[Dataset entries]
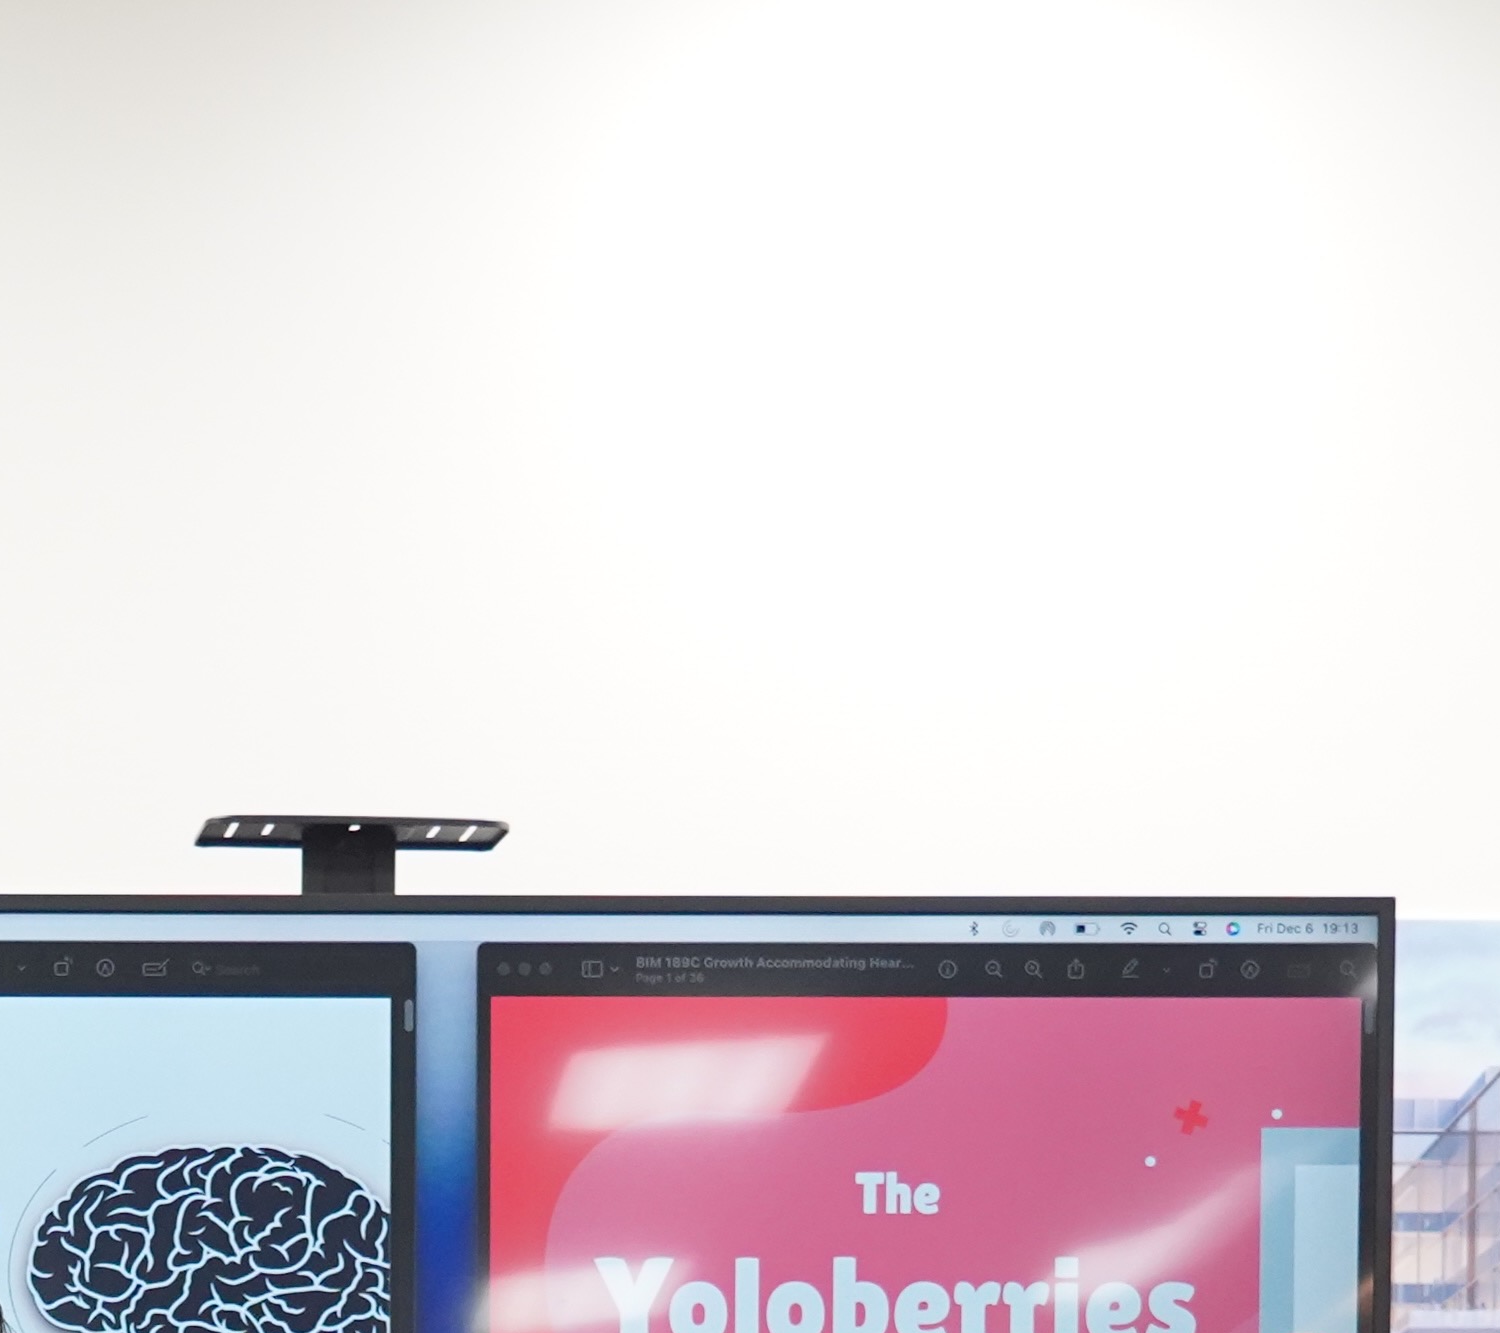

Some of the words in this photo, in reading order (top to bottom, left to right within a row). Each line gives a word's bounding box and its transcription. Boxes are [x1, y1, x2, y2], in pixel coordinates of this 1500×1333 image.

[1257, 923, 1273, 935] Fri
[1276, 923, 1302, 935] Dec
[1305, 923, 1314, 935] 6
[1323, 923, 1359, 935] 19:13
[703, 956, 754, 969] Growth
[756, 956, 866, 971] Accommodating
[855, 1171, 940, 1216] The
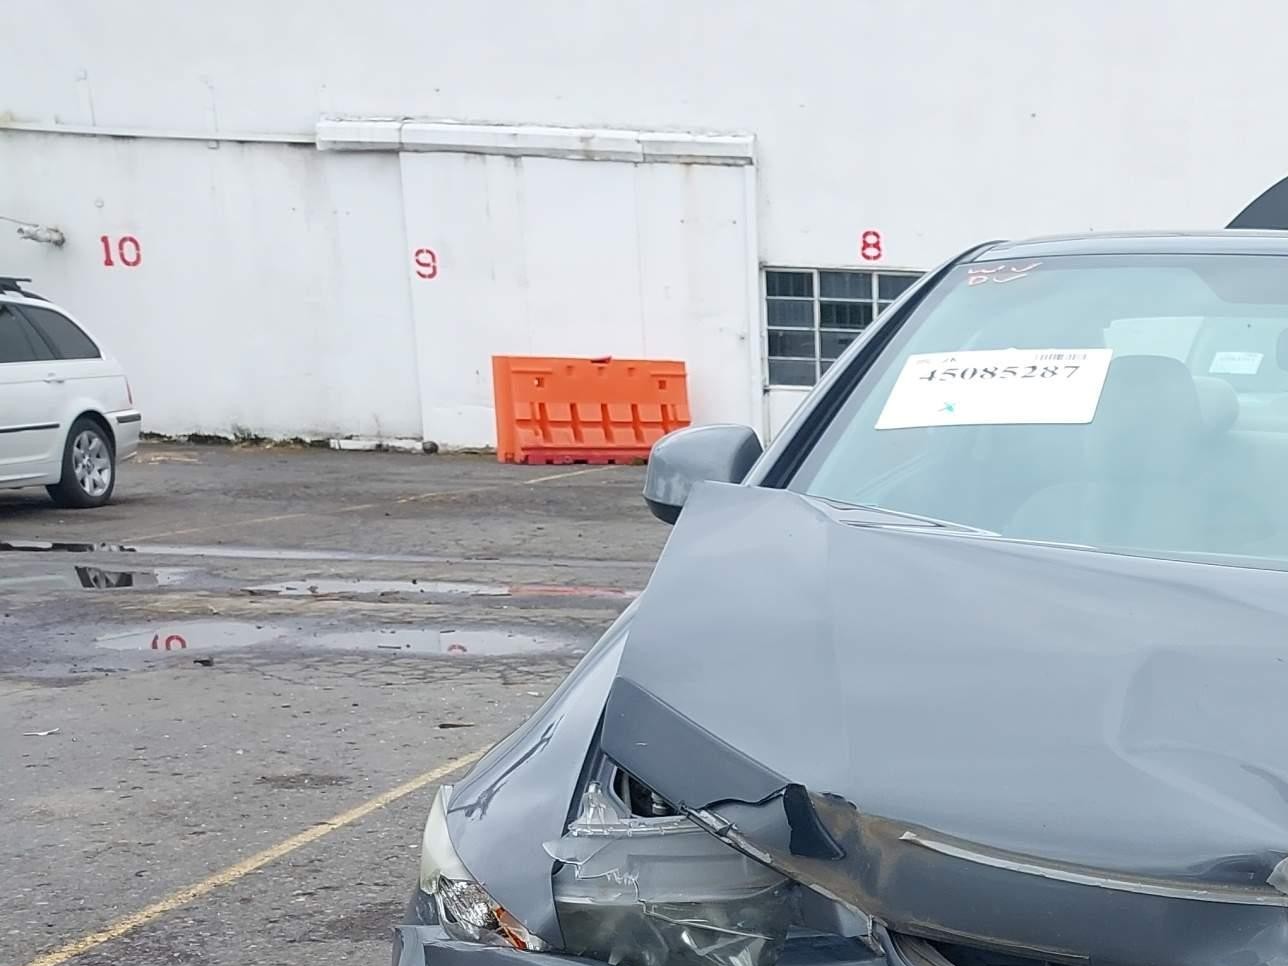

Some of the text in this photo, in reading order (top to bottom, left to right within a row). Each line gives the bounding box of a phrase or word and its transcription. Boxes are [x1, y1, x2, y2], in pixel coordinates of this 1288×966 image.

[100, 235, 142, 268] 10
[860, 230, 882, 261] 8
[416, 248, 438, 279] 9
[919, 364, 1081, 383] 45085287
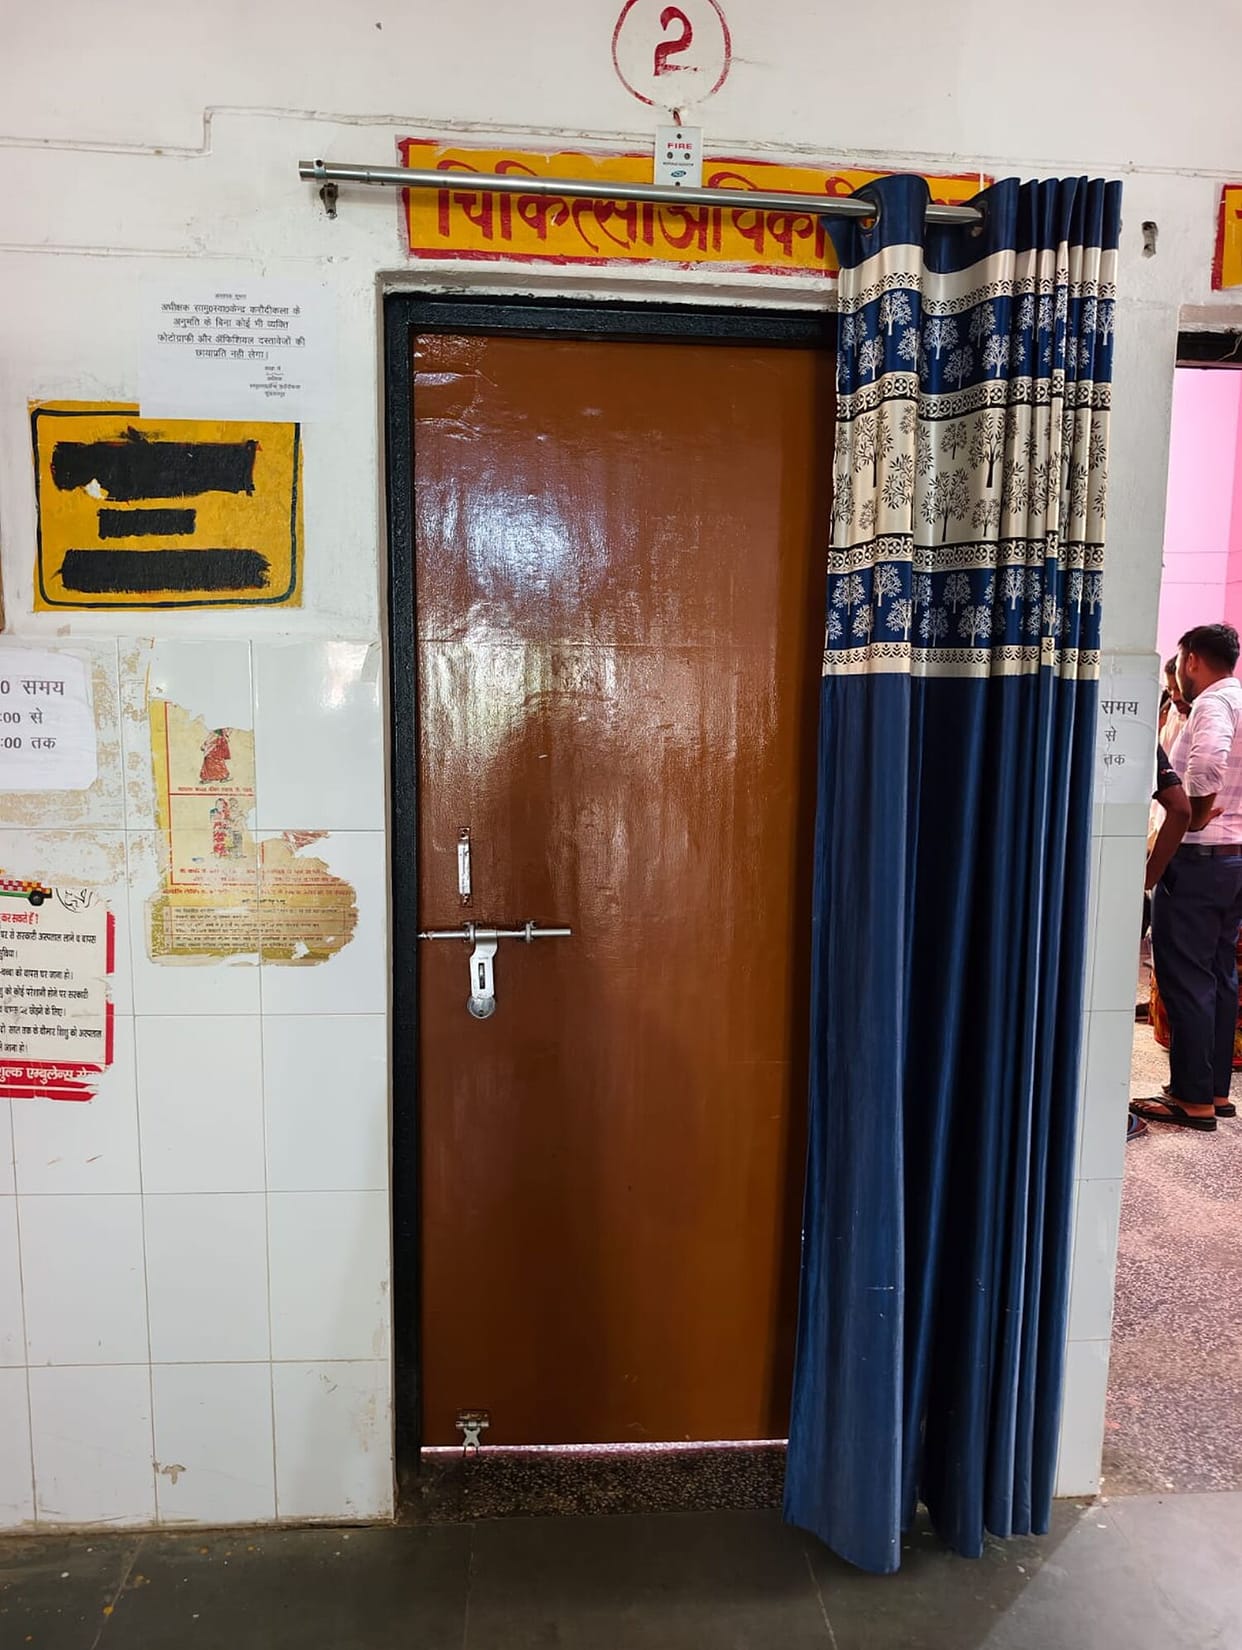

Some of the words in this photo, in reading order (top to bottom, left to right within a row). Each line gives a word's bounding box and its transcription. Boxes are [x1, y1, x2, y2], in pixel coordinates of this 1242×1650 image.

[653, 6, 698, 77] 2
[667, 142, 693, 150] FIRE
[173, 316, 200, 328] अनुमति
[204, 316, 211, 326] के
[215, 316, 232, 327] बिना
[236, 317, 250, 328] कोई
[255, 318, 263, 328] भी
[198, 333, 212, 342] और
[295, 336, 305, 346] की
[21, 680, 64, 695] समय
[1101, 700, 1139, 715] समय
[29, 707, 43, 724] से
[1104, 726, 1116, 742] से
[30, 737, 56, 749] तक
[1103, 754, 1125, 766] तक

_Try it_.
Could you reproduce the records above exactly, leaving out every picture?

_Response below_.
Some of the words in this photo, in reading order (top to bottom, left to right within a row). Each line gives a word's bounding box and its transcription. Boxes are [x1, y1, x2, y2], in pixel coordinates of this 1500×1333 image.

[1257, 923, 1273, 935] Fri
[1276, 923, 1302, 935] Dec
[1305, 923, 1314, 935] 6
[1323, 923, 1359, 935] 19:13
[703, 956, 754, 969] Growth
[756, 956, 866, 971] Accommodating
[855, 1171, 940, 1216] The

Some of the text in this photo, in reading order (top to bottom, left to right within a row). Each line gives the bounding box of a phrase or word and its transcription. Boxes are [x1, y1, x2, y2], in pixel coordinates of this 1288×966 image.

[100, 235, 142, 268] 10
[860, 230, 882, 261] 8
[416, 248, 438, 279] 9
[919, 364, 1081, 383] 45085287

Some of the words in this photo, in reading order (top to bottom, left to right within a row). Each line gives a word's bounding box and its transcription. Boxes are [x1, y1, x2, y2], in pixel coordinates of this 1242×1650 image.

[653, 6, 698, 77] 2
[667, 142, 693, 150] FIRE
[173, 316, 200, 328] अनुमति
[204, 316, 211, 326] के
[215, 316, 232, 327] बिना
[236, 317, 250, 328] कोई
[255, 318, 263, 328] भी
[198, 333, 212, 342] और
[295, 336, 305, 346] की
[21, 680, 64, 695] समय
[1101, 700, 1139, 715] समय
[29, 707, 43, 724] से
[1104, 726, 1116, 742] से
[30, 737, 56, 749] तक
[1103, 754, 1125, 766] तक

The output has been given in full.